A ghoulish creature, clad in gray and yellow metal, held her by the hip in place while chewing her belly.
Imants had distanced himself. And the hand he had kept overhead, now blazing and flickering with an intense indigo, lowered and pointed at her.
“Ya fucked up, Firk!”
No!
By the time she caught up with the turn of events, it was too late. Chains of dark energy sprouted forth from his hand and coiled around her with supernatural strength.
Arms. Legs. Wings. Waist.
Not even the armored ghoul was safe: the magical binds had pressed him tight against the chimera.
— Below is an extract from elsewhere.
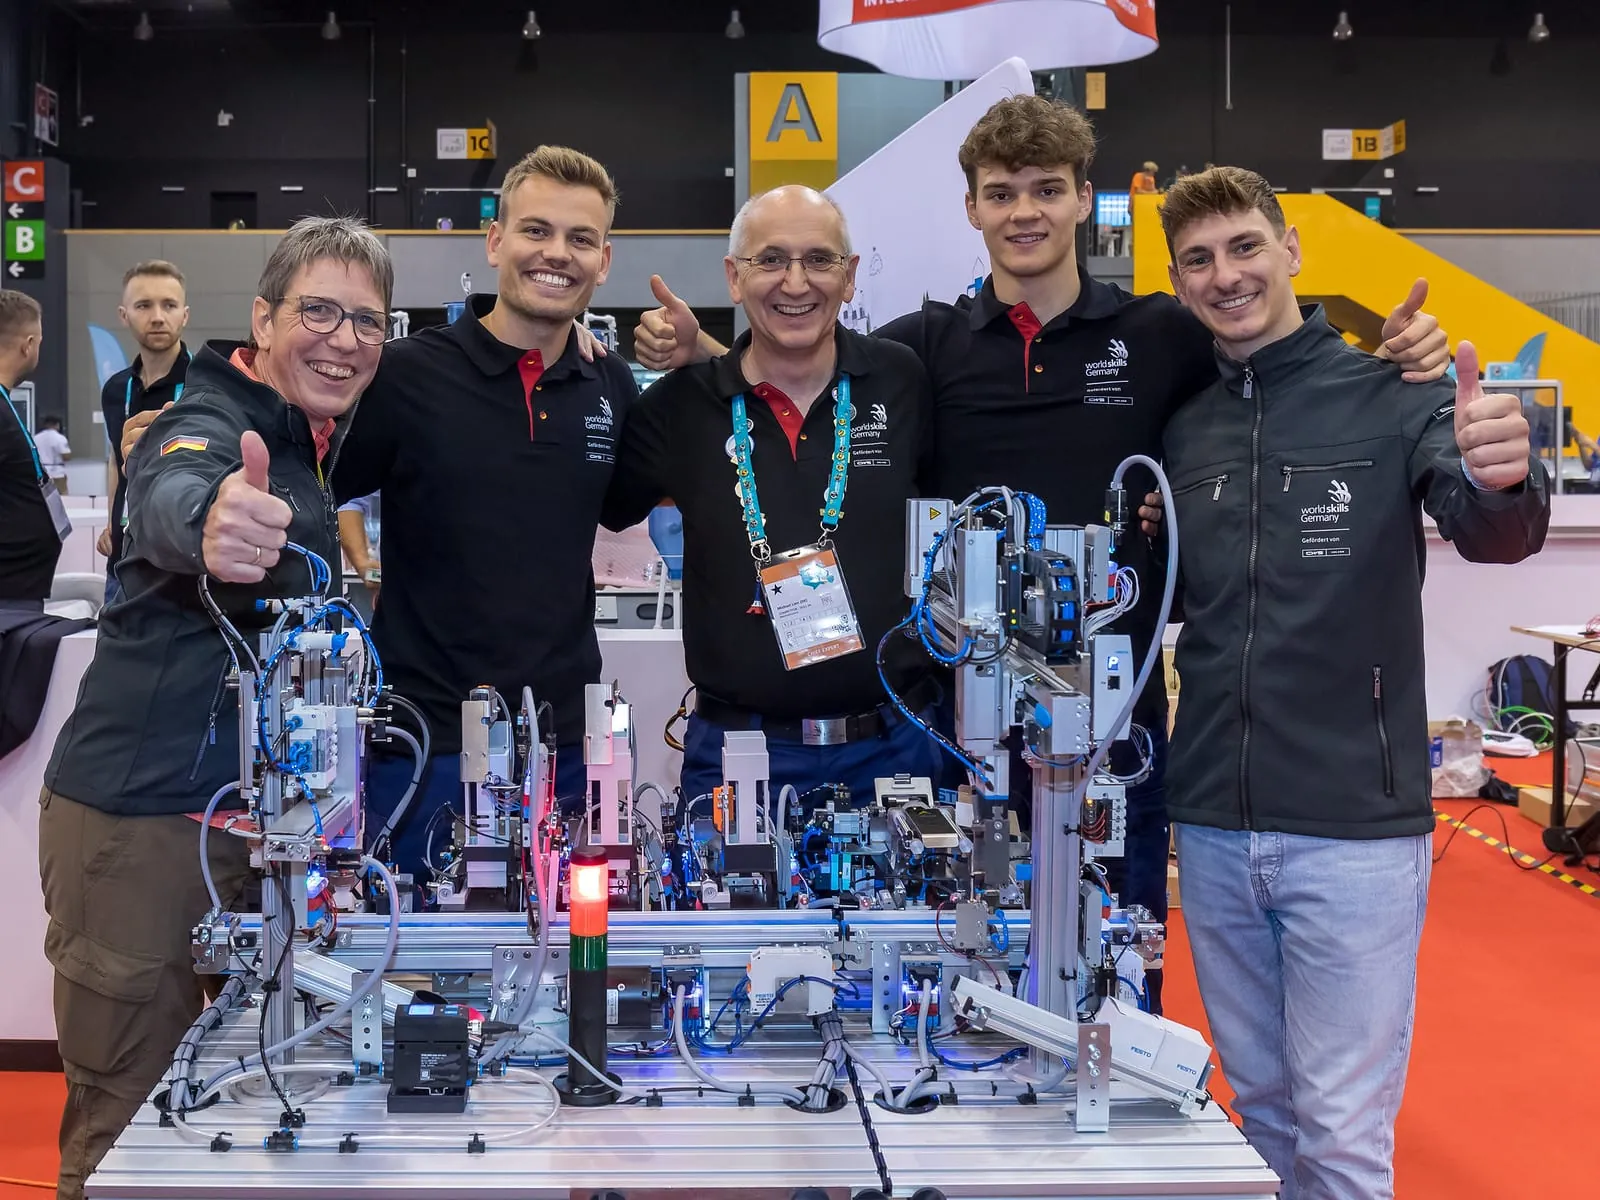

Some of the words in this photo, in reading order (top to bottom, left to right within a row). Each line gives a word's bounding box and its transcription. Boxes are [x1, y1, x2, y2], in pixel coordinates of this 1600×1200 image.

When the chains stopped rattling, Sigrid lay immobilized.
“Ass-biting banty,” with a hand still holding his neck, Imants emitted an inhuman growl and bared his fangs. “Ya hide is mine!”
Directly after making that threat, Imant’s mouth began to move and murmur chants.
“Let me off!” She shrieked before threshing about.
The she-monstress yanked and pulled at the chains, but they did not give in, they only rattled. Many were not fixed to a solid surface from where they could be yanked off — they were fixed in the air!.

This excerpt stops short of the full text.